Uma tumba de 4.000 anos encontrada sob uma obra de construção na Noruega está fazendo arqueólogos olharem novamente para o momento em que a agricultura começou a transformar o oeste do país. Descoberto em Selje, na costa do Mar do Norte, o sepultamento revestido de pedra guarda restos de pelo menos cinco pessoas e pode revelar quem foram alguns dos primeiros agricultores da região.
A tumba foi encontrada durante uma obra
A descoberta aconteceu em Selje, no sudoeste da Noruega, em uma área onde será construído um novo hotel. Desde abril, pesquisadores do Museu Universitário de Bergen escavam o local e já identificaram vestígios de antigas habitações, depósitos com ossos de animais, contas de conchas e uma ferramenta de pedra semelhante a uma foice.
O achado mais importante, porém, foi uma tumba de cista, nome dado a sepultamentos revestidos por pedras. Datada por carbono entre 2140 e 2000 a.C., no fim do período Neolítico, ela mede cerca de 3 metros de comprimento, 1,5 metro de largura e quase 1 metro de altura.

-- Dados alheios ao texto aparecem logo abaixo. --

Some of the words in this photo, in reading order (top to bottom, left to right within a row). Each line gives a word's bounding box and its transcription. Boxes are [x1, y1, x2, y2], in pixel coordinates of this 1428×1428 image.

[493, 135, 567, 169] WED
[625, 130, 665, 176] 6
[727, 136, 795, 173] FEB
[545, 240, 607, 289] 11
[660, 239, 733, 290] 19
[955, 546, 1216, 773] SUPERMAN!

O que havia dentro do sepultamento?
Dentro da estrutura, os arqueólogos encontraram duas câmaras com evidências de sepultamentos. Entre os restos identificados estão um idoso com sinais de artrite, uma criança de aproximadamente 2 anos e uma jovem. Ossos agrupados indicam que outros indivíduos podem ter sido deslocados para abrir espaço a novos enterros.

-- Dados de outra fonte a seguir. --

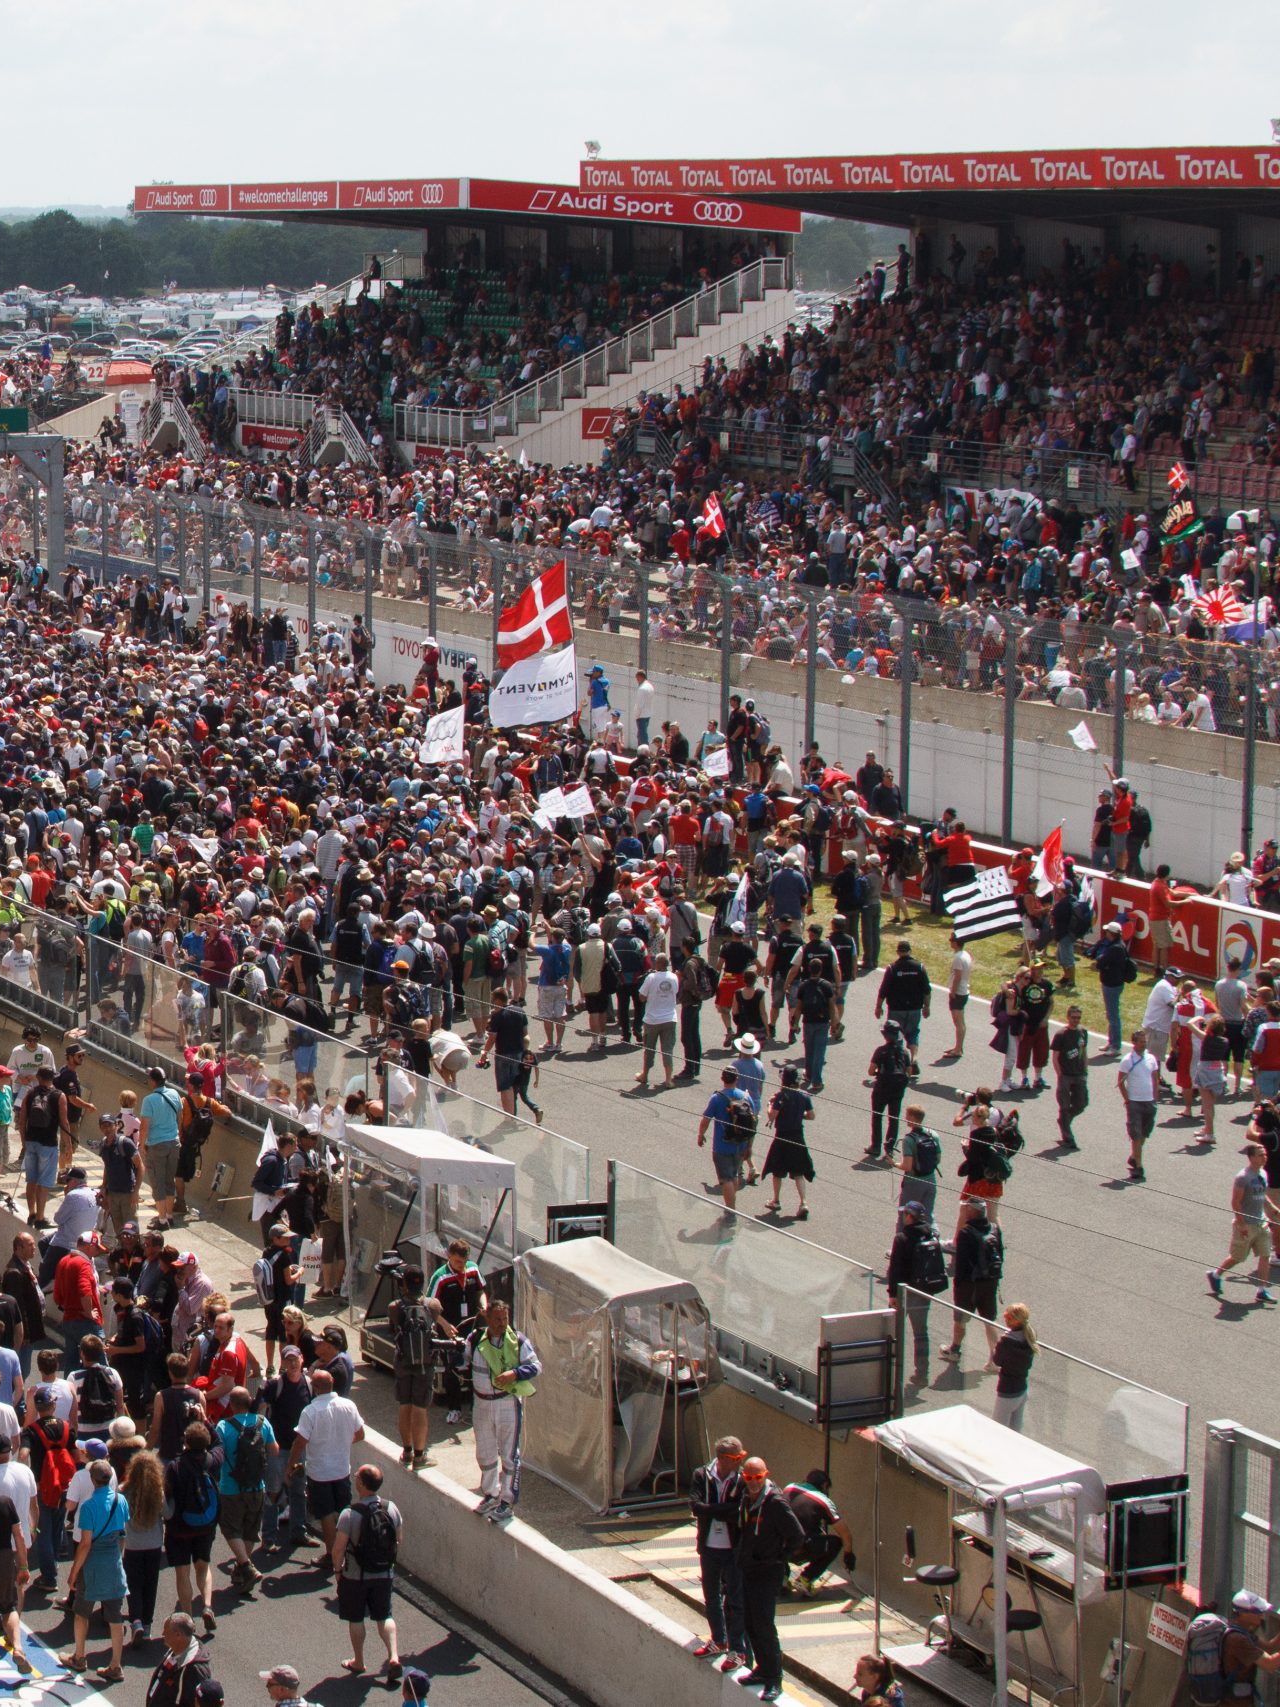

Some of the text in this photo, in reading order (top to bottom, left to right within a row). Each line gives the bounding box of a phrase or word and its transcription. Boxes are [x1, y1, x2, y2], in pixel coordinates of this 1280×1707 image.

Os principais elementos encontrados ajudam a entender a importância do sítio arqueológico:
- Restos mortais de pelo menos cinco pessoas;
- Uma tumba de pedra incomum na costa oeste da Noruega;
- Contas feitas de conchas;
- Vestígios de habitações e descarte de alimentos;
- Uma foice de pedra possivelmente usada para colher grãos.
Por que ela pode estar ligada aos primeiros agricultores?
A agricultura surgiu no Oriente Médio há cerca de 12.000 anos, mas demorou muito mais para se espalhar até regiões como a Noruega, onde grupos humanos viveram por milênios de caça, pesca e mobilidade. Por isso, qualquer evidência do início da vida agrícola no país tem grande valor histórico.
A data do sepultamento e a presença da foice reforçam a hipótese de que Selje foi ocupada por alguns dos primeiros agricultores do oeste norueguês. Para Yvonne Dahl, integrante da equipe da Universidade de Bergen, a cista oferece uma oportunidade única de estudar esses grupos iniciais.

A tradição funerária revela contatos antigos
No fim do Neolítico, comunidades do sudoeste da Noruega costumavam sepultar seus mortos em abrigos rochosos. Já as tumbas de cista eram mais comuns no leste do país, onde a agricultura estava mais estabelecida, o que torna o achado de Selje ainda mais intrigante.
Arqueólogos acreditam que esse tipo de sepultamento pode ter origem na península da Jutlândia, na Dinamarca, antes de se espalhar pela Suécia e pela Noruega com comunidades agrícolas. A tumba, portanto, pode indicar não apenas uma mudança econômica, mas também circulação de pessoas, rituais e ideias.
O DNA pode mudar essa história
Testes genéticos planejados nos esqueletos poderão mostrar se as pessoas enterradas em Selje eram biologicamente relacionadas e se migraram de outras áreas levando conhecimentos agrícolas. Essa análise também pode indicar se eram moradores locais que adotaram uma nova forma de vida.
A descoberta mostra que grandes viradas da humanidade nem sempre aparecem em palácios ou monumentos grandiosos. Às vezes, surgem em uma obra comum, sob camadas de terra. Agora, cada osso, conta e ferramenta de Selje pode ajudar a recontar como a agricultura fincou raízes na Noruega.